Disparate discipline. Then there was the case of the discharged 56-year-old radiology technologist who during 20 years had incurred only one disciplinary discussion and had become the Lead CT Technologist. After a new supervisor’s arrival, however, she received 26 employee discussions, two verbal warnings, two written warnings, and three 90-day action plans over the next two years. She was ultimately terminated “for continued occurrences of failure to satisfactorily perform the responsibilities of her position.” Her replacement was 32 years old.

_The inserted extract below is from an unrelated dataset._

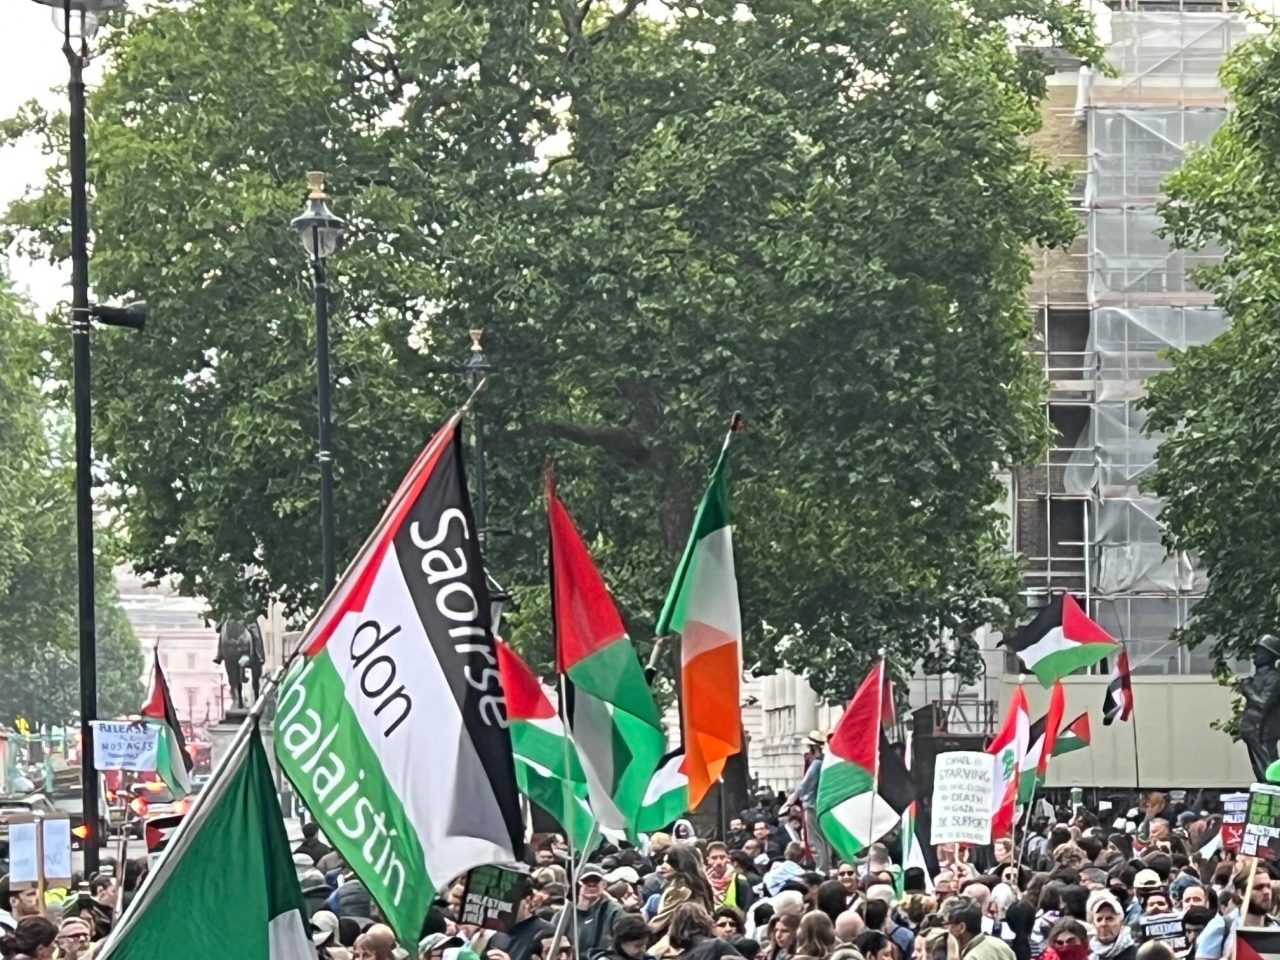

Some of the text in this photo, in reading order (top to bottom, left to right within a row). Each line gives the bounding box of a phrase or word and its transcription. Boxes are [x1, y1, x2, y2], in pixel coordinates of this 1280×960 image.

[410, 508, 509, 729] Saoirse
[350, 620, 412, 738] don
[938, 768, 991, 783] STARVING
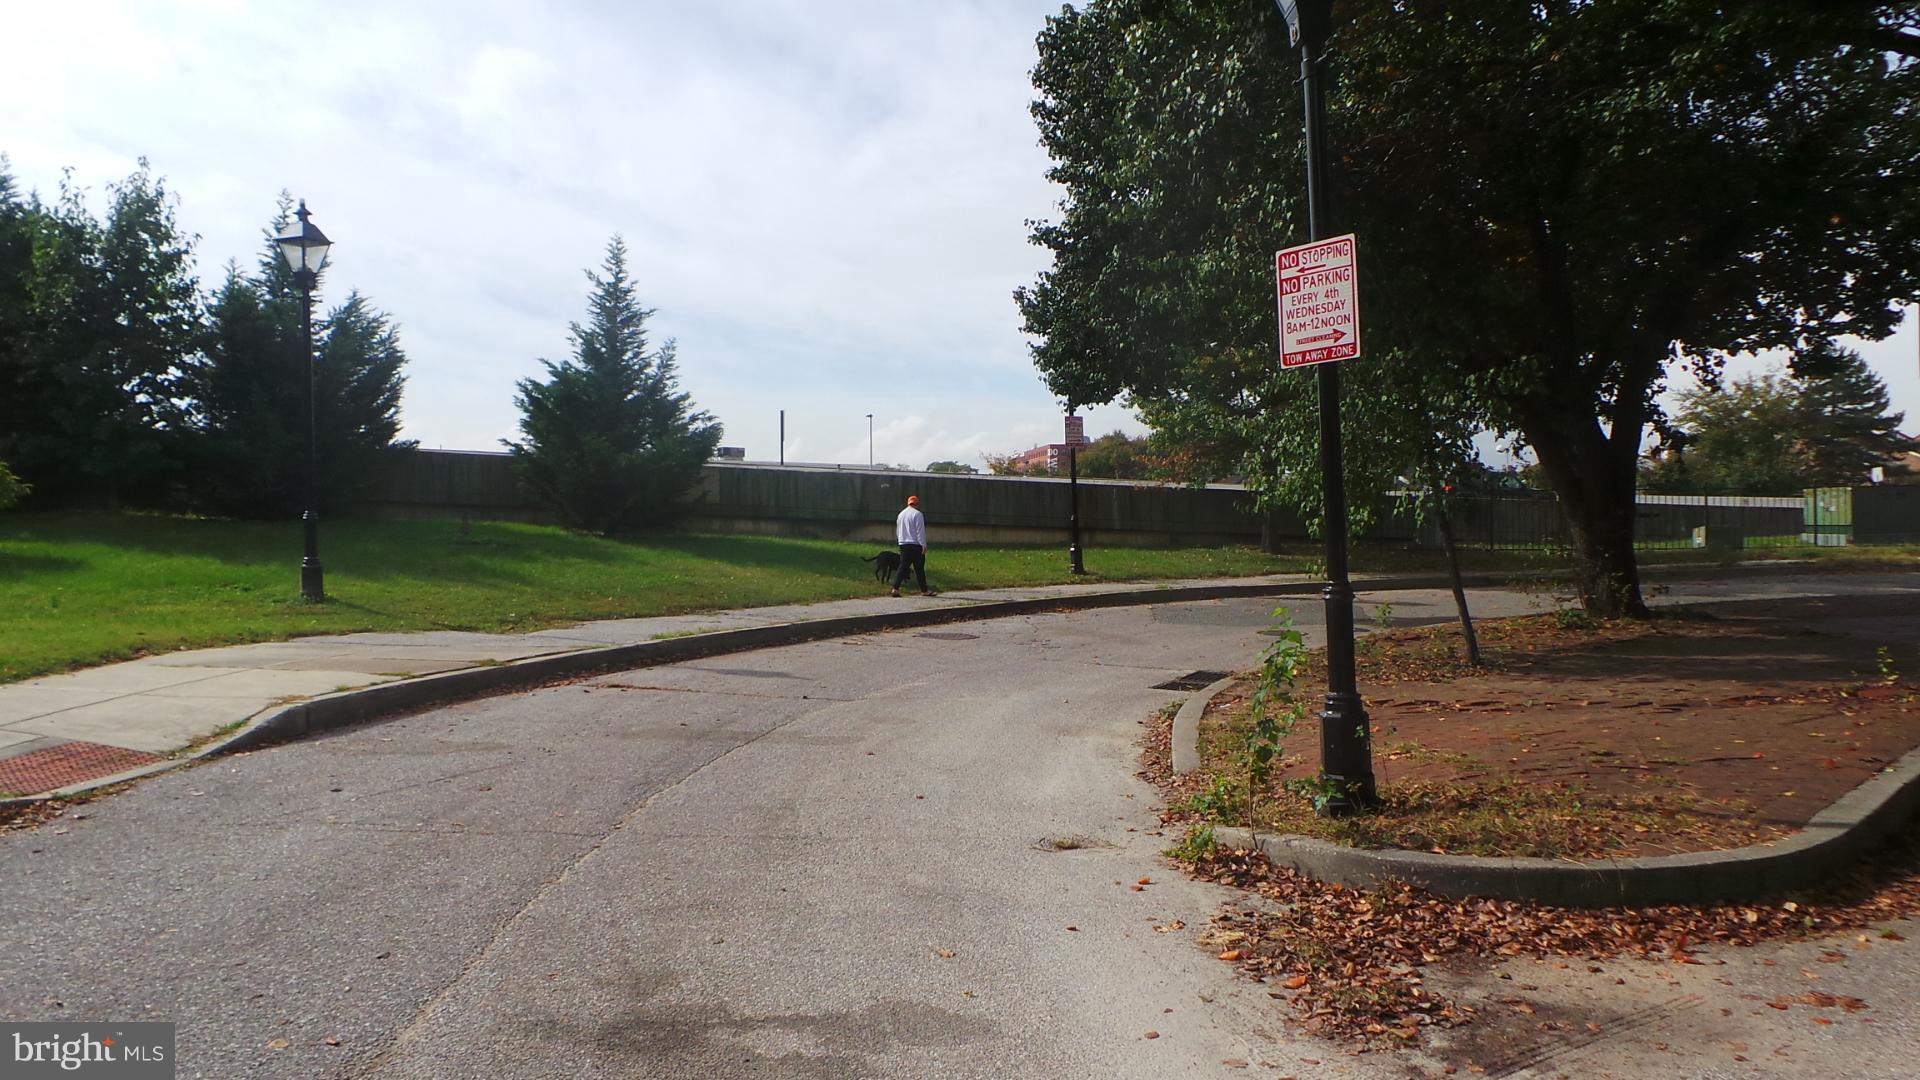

But she presented evidence that her replacement was not disciplined for similar “incidents.” Specifically, she identified four times in a two-month period where her supervisor counseled her eventual replacement for patient-care and work-performance errors, but which did not result in formal discipline; she contrasted that to evidence that she was placed on a 90-day action plan after four incidents over a three-month period. Noting that the hospital made no attempt to distinguish the replacement’s substantially identical conduct or the supervisor’s disparately imposed discipline, the court pointed out that the hospital relied on this action plan as the foundation for the employee’s later discipline and ultimate termination. It also noted that the new supervisor told her she was “too old to cry.” and allowed her age discrimination claims to proceed to a jury (Sampson v. Sisters of Mercy of Willard, Ohio, N.D. Ohio, June 29, 2015).

Lesson for managers

In order to minimize the risks, employers might want to consider proactive litigation avoidance training for new managers, especially in the area of age discrimination. A word to the wise, in advance, might have made new managers more aware of these potential pitfalls:

  1. If you’re going to raise standards, raise them for everyone. If new management has been brought in—or promoted from within—to raise performance standards, fine. Just make sure that the standards are raised objectively for all performers, not just for a select few who have been singled out for harsher treatment, particularly if they are performing the same job as younger counterparts.
  2. If you’re going to crack down, crack down on everyone’s violations. This is a corollary to Number 1: Tightening up discipline can be an appropriate goal in a workplace that has become too lax. If you tolerate behavior in a 25-year-old because you think it’s funny, but you write-up the same behavior in a 55-year-old because it’s not funny anymore, you’re asking for trouble.
  3. Follow procedures. When the policy says progressive discipline, follow it. New managers shouldn’t get to make up new disciplinary procedures or skirt the old ones—at least not without clear guidance from HR and, if necessary, employment counsel.
  4. Don’t be cruel. New managers sometimes feel the need to prove themselves. Perhaps that was a factor in some of the “gotcha” moments from the cases above. For example: Firing someone for insubordination on the spot because he didn’t verbally answer? Having decidedly different and apparently subjective expectations for an older manager that appeared to be a moving target? After apparently unprecedented “piling on” with disciplinary action, telling an older worker she was “too old to cry?” Each of these examples suggests an inexperienced or frustrated supervisor who was not carefully considering the possible repercussions of his or her actions. Those are actions you want your clients to avoid.